That's a red herring as there were northern Democrats from states like Pennsylvania and New Jersey who favored protection. One of the bill's main co-sponsors in the Senate was Bigler from Pennsylvania - a Democrat - and it was eventually signed by President Buchanan - another Democrat from Pennsylvania.

Below is the speech from Alexander Stephens, against secession

Quoting Stephens on the tariff act in 1860 is fallacious. He was removed from the debates of Congress at that time and did not comprehend the economics of the issue as other members of the House and Senate did.

Senator Wigfall of Texas actually rebutted Stephens' calculation claims on the floor of the chamber and in specific detail:

Tell me not that we have got the legislative department of this Government, for I say we have not. As to this body, where do we stand?

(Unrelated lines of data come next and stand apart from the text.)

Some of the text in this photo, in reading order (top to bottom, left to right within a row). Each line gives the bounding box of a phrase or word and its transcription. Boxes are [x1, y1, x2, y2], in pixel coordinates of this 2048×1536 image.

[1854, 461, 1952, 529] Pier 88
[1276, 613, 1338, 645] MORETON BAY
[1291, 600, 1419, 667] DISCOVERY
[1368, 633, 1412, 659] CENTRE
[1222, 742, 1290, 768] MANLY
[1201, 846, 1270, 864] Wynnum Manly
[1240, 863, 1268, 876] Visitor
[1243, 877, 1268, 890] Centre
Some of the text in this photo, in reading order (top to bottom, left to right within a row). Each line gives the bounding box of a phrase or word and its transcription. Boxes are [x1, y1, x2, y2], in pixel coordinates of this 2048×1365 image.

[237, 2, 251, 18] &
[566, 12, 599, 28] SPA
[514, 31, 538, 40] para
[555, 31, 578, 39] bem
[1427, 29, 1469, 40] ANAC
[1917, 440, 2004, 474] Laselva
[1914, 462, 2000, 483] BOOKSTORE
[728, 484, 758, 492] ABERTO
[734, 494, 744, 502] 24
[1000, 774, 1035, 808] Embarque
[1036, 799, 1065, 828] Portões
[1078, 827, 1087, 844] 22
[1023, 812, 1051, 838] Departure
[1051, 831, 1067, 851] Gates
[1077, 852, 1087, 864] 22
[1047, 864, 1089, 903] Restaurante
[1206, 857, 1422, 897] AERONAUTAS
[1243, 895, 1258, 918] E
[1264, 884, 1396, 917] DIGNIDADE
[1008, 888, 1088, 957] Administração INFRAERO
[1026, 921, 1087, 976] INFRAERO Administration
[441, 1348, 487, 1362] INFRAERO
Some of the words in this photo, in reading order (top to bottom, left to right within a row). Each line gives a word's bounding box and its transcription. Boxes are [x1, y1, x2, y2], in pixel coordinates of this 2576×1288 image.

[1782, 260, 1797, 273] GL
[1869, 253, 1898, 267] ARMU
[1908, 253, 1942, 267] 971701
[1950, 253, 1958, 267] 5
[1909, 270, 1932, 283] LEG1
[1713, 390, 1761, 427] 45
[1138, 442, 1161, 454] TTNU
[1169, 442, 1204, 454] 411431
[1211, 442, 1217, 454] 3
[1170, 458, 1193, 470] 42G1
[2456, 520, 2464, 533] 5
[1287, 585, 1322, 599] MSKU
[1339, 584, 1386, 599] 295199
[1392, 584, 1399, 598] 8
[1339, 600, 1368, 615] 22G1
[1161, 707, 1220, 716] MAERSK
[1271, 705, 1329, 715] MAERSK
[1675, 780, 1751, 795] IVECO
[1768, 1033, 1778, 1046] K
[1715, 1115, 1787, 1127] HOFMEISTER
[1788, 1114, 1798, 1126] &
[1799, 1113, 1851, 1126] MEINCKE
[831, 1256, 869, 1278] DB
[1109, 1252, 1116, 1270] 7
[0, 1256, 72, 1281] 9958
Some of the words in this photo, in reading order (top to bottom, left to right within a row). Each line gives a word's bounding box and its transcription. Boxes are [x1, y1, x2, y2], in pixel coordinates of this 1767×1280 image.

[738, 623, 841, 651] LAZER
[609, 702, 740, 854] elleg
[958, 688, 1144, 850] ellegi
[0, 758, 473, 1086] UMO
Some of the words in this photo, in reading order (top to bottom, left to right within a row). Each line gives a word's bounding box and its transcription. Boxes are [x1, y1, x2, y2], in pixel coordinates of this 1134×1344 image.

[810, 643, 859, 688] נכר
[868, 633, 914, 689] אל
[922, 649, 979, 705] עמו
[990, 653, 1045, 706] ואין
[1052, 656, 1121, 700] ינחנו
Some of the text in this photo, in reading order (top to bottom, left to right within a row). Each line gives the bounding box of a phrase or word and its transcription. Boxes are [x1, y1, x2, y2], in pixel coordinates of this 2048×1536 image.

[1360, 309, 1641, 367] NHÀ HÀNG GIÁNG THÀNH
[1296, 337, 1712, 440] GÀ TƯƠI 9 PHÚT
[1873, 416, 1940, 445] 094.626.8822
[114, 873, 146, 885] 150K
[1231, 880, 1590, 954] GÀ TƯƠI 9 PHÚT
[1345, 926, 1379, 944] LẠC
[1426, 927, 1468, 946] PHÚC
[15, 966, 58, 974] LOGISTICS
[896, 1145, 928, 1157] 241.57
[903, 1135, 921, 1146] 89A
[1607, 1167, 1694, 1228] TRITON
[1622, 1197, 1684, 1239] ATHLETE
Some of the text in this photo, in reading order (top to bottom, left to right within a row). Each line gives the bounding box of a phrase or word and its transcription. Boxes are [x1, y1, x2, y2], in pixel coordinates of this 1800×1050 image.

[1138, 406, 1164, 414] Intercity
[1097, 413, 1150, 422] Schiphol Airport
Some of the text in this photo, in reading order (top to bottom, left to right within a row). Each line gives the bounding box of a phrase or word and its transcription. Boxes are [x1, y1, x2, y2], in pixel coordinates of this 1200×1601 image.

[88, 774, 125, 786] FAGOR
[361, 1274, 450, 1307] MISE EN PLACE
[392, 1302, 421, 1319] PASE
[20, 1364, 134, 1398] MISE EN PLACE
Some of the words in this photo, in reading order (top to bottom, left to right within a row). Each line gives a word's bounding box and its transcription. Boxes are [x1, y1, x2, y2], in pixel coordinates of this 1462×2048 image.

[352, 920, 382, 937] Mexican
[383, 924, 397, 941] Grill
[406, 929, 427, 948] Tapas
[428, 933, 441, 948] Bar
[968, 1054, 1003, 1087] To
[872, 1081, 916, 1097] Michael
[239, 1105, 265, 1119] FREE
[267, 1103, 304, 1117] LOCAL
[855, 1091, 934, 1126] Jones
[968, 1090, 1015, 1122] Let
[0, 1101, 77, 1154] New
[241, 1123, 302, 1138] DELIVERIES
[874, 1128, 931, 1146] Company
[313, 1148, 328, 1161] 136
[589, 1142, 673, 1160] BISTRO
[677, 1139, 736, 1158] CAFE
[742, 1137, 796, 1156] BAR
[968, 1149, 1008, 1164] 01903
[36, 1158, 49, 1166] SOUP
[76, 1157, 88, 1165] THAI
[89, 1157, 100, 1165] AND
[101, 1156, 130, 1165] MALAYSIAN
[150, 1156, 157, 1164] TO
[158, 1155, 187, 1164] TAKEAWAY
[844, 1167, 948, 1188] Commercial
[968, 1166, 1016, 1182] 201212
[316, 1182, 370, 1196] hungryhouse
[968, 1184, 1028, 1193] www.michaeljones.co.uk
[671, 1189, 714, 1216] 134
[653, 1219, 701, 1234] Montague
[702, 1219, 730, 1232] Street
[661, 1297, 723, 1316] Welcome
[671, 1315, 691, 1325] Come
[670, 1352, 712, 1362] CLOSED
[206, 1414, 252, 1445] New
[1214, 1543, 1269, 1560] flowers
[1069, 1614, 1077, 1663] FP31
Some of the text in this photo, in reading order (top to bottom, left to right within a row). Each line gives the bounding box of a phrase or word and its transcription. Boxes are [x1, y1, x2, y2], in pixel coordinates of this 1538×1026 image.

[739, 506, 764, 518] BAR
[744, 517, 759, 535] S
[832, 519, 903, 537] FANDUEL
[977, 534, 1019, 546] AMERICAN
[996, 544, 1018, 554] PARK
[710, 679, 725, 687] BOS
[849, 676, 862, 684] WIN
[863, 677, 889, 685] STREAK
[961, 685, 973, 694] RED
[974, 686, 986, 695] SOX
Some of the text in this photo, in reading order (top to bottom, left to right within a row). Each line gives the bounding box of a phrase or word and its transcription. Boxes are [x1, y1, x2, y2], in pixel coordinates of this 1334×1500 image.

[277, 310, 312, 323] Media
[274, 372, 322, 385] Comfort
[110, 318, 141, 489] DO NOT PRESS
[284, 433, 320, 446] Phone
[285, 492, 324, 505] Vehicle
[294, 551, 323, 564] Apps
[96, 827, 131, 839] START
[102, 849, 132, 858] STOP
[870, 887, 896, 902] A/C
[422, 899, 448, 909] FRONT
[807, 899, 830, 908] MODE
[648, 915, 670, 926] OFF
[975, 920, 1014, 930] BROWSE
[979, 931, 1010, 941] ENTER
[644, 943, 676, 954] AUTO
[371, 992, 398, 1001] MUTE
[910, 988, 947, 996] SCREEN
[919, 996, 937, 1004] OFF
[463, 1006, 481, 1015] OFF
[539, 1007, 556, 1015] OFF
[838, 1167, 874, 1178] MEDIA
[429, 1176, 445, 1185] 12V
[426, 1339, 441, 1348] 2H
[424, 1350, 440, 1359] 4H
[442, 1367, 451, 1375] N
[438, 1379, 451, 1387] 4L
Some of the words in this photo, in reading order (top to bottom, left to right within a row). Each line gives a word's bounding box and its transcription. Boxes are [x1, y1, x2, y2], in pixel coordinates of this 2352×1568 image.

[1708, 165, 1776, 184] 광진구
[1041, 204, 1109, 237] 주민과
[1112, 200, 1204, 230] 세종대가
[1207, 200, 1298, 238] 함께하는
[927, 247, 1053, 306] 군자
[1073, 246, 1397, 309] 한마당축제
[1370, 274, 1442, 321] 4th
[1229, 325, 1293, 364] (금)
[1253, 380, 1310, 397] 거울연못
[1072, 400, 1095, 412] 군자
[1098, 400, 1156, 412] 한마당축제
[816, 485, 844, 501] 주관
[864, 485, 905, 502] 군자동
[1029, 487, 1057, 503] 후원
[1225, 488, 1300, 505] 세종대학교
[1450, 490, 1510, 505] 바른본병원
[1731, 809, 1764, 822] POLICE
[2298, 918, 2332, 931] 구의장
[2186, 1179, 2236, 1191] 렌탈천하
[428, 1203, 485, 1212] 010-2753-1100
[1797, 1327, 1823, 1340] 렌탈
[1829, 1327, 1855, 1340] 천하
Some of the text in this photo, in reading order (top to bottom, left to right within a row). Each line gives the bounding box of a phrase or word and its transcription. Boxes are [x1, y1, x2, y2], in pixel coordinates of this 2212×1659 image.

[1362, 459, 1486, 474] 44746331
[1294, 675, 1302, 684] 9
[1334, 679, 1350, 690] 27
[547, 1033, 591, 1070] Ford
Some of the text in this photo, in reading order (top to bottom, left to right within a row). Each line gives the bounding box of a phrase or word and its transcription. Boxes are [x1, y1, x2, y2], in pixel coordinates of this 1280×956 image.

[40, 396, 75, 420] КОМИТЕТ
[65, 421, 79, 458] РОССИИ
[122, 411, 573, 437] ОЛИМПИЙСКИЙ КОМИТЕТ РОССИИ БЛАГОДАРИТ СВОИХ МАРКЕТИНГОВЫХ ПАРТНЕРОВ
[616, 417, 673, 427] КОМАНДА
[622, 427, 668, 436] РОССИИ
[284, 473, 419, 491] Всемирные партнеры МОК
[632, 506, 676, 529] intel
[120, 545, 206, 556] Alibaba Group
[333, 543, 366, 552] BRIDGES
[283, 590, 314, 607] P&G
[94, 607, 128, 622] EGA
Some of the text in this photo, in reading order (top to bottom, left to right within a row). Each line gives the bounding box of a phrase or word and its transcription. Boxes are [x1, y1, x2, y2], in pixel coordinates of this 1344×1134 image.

Why, sir, there are now eighteen non-slaveholding States. In a few weeks we shall have the nineteenth, for Kansas will be brought in. Then arithmetic which settles our position is simple and easy. Thirty-eight northern Senators you will have upon this floor. We shall have thirty to your thirty-eight. After the 4th of March, the Senator from California, the Senator from Indiana, the Senator from New Jersey, and the Senator from Minnesota will be here. That reduces the northern phalanx to thirty-four...There are four of the northern Senators upon whom we can rely, whom we know to be friends, whom we have trusted in our days of trial heretofore, and in whom, as Constitution-loving men, we will trust. Then we stand thirty-four to thirty-four, and your Black Republican Vice President to give the casting vote. Mr. Lincoln can make his own nominations with perfect security that they will be confirmed by this body"

It should be noted that when time came to pass the Morrill Tariff, Senator Hunter of Virginia - who had delayed the bill from coming to the floor for almost a year by exerting every parliamentary tactic at his disposal - similarly remarked:

No, sir; this bill will pass. And let it pass into the statute-book; let it pass into history, that we may know how it is that the South has been dealt with when New England and Pennsylvania held the power to deal with her interests.

The South had full representation in Congress.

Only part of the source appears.